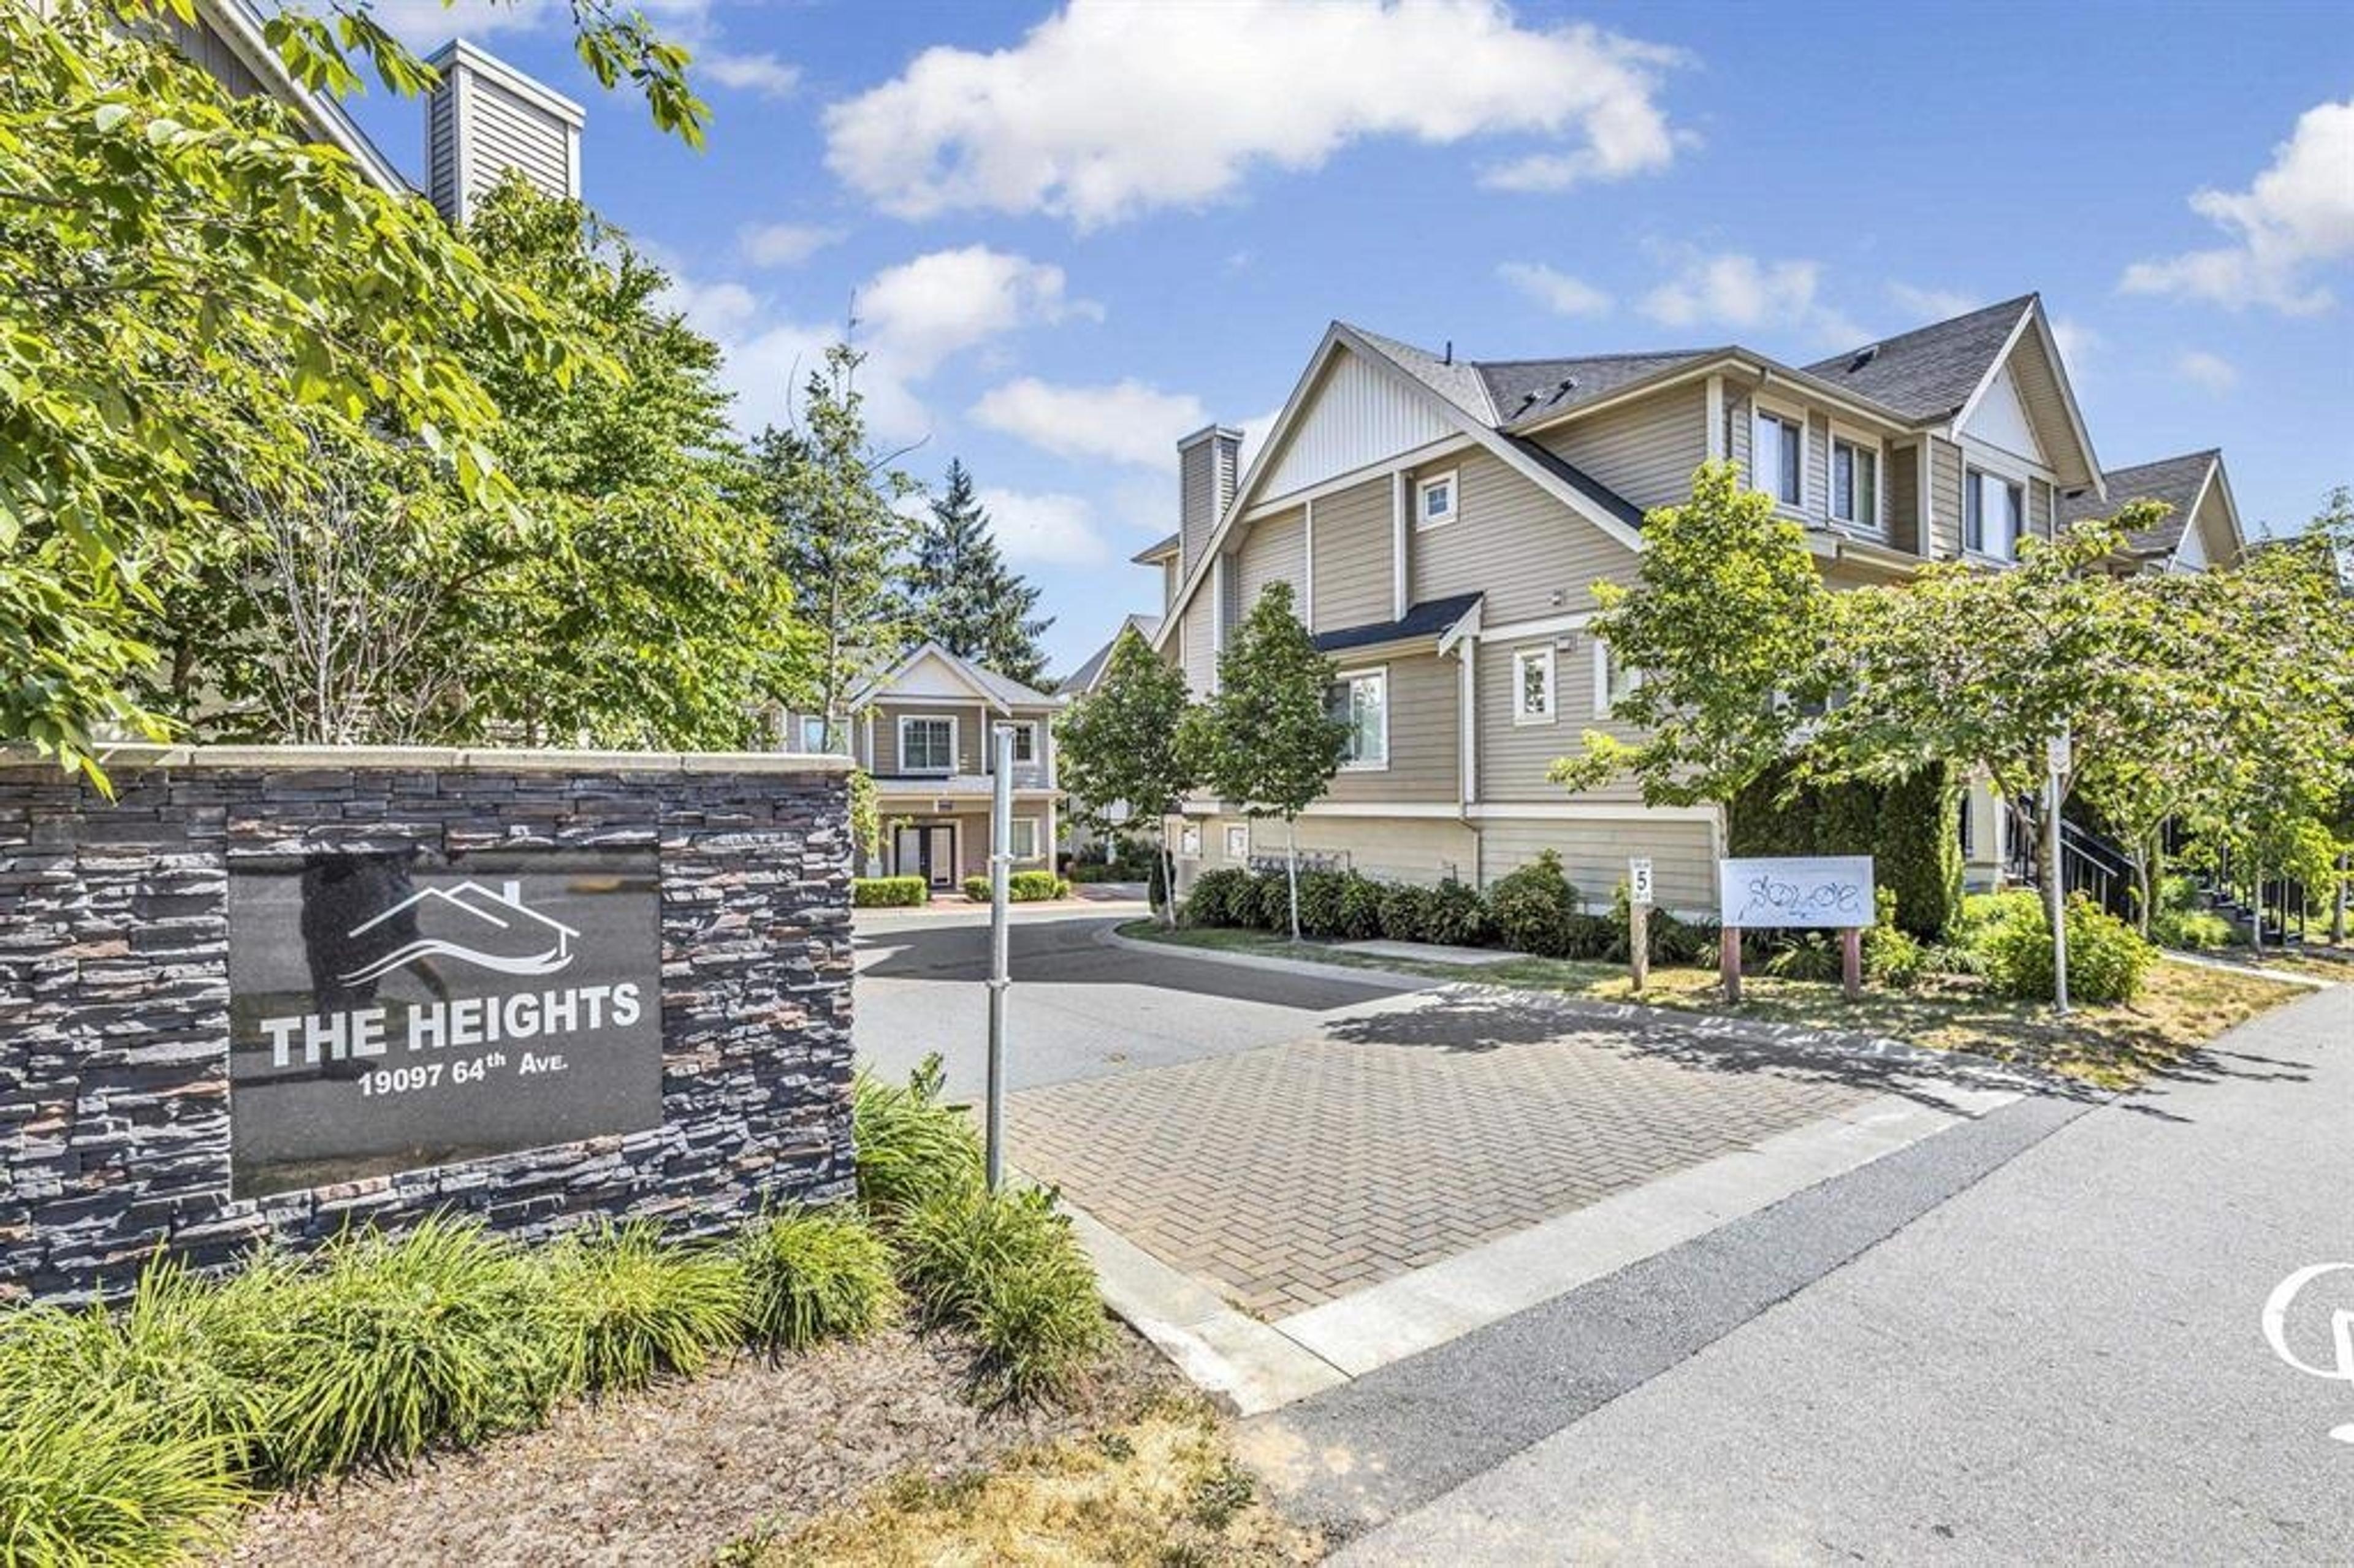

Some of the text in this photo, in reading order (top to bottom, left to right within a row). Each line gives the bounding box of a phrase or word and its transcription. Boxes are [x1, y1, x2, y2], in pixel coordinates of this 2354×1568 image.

[1637, 871, 1647, 891] 5
[260, 983, 641, 1067] THE HEIGHTS
[358, 1064, 443, 1096] 19097
[452, 1052, 506, 1084] 64th

☆ ☆ ☆ ☆ ☆ ☆ ☆

• PROBLEM STATEMENT: All of the data above must be printed exactly, minus its pictures.

• ANSWER BELOW:
Some of the text in this photo, in reading order (top to bottom, left to right within a row). Each line gives the bounding box of a phrase or word and its transcription. Boxes are [x1, y1, x2, y2], in pixel coordinates of this 2354×1568 image.

[1637, 871, 1647, 891] 5
[260, 983, 641, 1067] THE HEIGHTS
[358, 1064, 443, 1096] 19097
[452, 1052, 506, 1084] 64th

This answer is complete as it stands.